▶ Material shown
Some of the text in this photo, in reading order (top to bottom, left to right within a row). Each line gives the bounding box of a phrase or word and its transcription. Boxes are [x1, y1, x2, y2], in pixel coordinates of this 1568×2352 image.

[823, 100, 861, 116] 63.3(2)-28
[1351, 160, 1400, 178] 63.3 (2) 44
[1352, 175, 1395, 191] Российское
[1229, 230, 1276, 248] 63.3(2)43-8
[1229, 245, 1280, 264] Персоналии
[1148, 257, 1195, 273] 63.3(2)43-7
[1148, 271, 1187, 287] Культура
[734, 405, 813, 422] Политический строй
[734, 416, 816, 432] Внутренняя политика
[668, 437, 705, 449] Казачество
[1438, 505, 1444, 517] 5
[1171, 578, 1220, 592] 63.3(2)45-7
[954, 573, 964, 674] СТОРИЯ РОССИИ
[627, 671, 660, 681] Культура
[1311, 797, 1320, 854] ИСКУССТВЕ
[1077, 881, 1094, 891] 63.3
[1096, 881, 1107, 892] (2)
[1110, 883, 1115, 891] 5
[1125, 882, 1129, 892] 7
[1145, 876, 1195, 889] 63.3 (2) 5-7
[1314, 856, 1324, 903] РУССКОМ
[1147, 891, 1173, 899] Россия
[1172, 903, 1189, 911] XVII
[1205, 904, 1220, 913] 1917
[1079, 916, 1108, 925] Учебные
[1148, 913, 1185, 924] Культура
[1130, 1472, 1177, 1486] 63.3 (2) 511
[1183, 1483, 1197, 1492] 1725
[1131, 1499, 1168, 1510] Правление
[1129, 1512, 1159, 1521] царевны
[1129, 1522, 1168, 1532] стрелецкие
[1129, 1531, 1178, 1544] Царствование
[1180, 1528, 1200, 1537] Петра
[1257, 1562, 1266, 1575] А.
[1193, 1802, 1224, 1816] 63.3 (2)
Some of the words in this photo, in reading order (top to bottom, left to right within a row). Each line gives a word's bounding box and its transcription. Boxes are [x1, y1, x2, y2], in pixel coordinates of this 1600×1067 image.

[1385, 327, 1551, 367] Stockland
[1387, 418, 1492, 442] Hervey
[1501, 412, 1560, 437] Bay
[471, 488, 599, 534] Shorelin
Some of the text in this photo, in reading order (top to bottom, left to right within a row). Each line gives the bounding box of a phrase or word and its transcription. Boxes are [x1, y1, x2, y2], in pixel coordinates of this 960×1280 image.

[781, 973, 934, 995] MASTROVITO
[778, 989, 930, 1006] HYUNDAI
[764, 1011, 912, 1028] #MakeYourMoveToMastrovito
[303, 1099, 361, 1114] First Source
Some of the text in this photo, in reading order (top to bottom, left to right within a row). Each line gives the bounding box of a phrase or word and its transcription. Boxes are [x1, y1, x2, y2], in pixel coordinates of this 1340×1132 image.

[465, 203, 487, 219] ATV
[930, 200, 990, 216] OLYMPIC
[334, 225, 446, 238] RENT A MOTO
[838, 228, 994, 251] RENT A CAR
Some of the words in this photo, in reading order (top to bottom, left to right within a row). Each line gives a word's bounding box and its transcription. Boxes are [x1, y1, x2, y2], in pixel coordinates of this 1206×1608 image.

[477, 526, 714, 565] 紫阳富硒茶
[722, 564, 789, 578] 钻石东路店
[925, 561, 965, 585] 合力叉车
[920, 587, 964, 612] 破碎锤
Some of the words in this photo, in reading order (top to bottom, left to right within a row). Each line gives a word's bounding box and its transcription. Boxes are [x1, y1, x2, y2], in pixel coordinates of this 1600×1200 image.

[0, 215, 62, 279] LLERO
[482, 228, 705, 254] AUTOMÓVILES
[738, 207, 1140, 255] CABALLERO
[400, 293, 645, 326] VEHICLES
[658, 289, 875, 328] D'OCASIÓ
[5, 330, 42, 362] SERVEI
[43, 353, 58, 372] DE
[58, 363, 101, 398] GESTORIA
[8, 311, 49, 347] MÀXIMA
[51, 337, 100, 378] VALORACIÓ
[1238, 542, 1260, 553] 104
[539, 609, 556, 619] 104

▶ What you will do
Repeat word for word each line from the one with "this 1600×1200 image." to the end of the records above, inclusive.

▶ Your solution
Some of the words in this photo, in reading order (top to bottom, left to right within a row). Each line gives a word's bounding box and its transcription. Boxes are [x1, y1, x2, y2], in pixel coordinates of this 1600×1200 image.

[0, 215, 62, 279] LLERO
[482, 228, 705, 254] AUTOMÓVILES
[738, 207, 1140, 255] CABALLERO
[400, 293, 645, 326] VEHICLES
[658, 289, 875, 328] D'OCASIÓ
[5, 330, 42, 362] SERVEI
[43, 353, 58, 372] DE
[58, 363, 101, 398] GESTORIA
[8, 311, 49, 347] MÀXIMA
[51, 337, 100, 378] VALORACIÓ
[1238, 542, 1260, 553] 104
[539, 609, 556, 619] 104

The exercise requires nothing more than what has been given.